Masuda Hajimu's book Cold War Crucible: The Korean Conflict and the Postwar World is an inquiry into the peculiar nature of the Cold War. It examines not only centers of policymaking but seeming aftereffects of Cold War politics during the Korean War: suppression of counterrevolutionaries in China, the White Terror in Taiwan, the Red Purge in Japan, and McCarthyism in the United States. Such purges were not merely end results of the Cold War, Masuda argues, but forces that brought the Cold War into being, as ordinary people throughout the world strove to silence disagreements and restore social order in the chaotic post-WWII era under the mantle of an imagined global confrontation. Revealing social functions and popular participation, Cold War Crucible highlights ordinary people's roles in making and maintaining the "reality" of the Cold War, raising the question of what the Cold War really was. Masuda's attempt to reconsider the Cold War also can be seen in his recent short article "The best books to reconsider what the Cold War really was" at Shepherd.com.

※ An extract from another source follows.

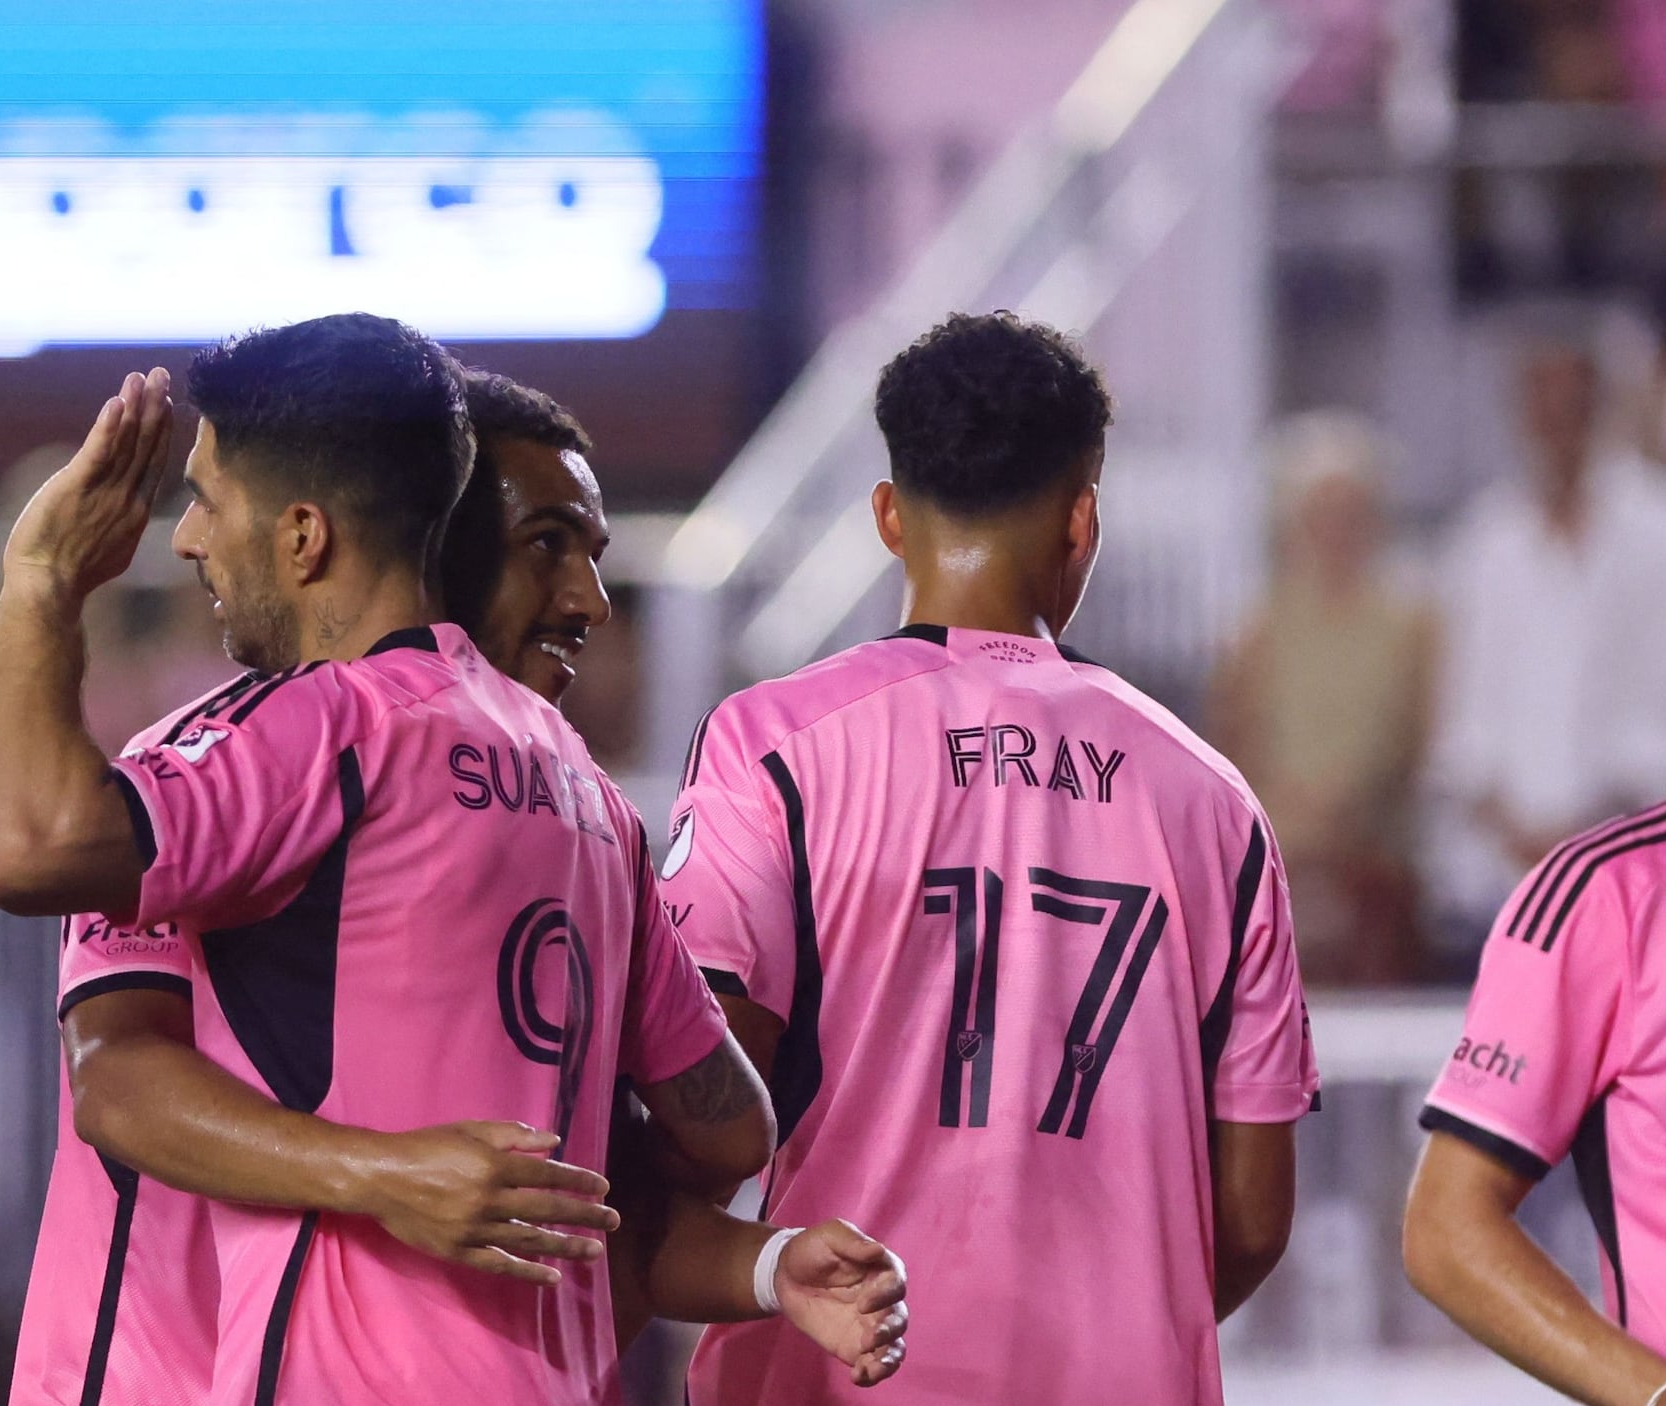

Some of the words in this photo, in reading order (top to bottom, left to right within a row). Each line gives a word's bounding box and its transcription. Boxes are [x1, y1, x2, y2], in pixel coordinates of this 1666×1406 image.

[945, 724, 1127, 804] FRAY
[495, 897, 594, 1163] 9
[924, 866, 1169, 1140] 17
[1453, 1037, 1529, 1086] acht

Masuda Hajimu (family name Masuda, 益田 肇) is a historian at the National University of Singapore. He received his PhD from Cornell University in 2012. He is the author of Cold War Crucible: The Korean Conflict and the Postwar World (2015). His areas of concentration are the modern history of East Asia, the history of American foreign relations, and the social and global history of the Cold War, with particular attention toward ordinary people and their violence, as well as the recurrent rise of grassroots social conservatism in the globalized world of the twentieth century.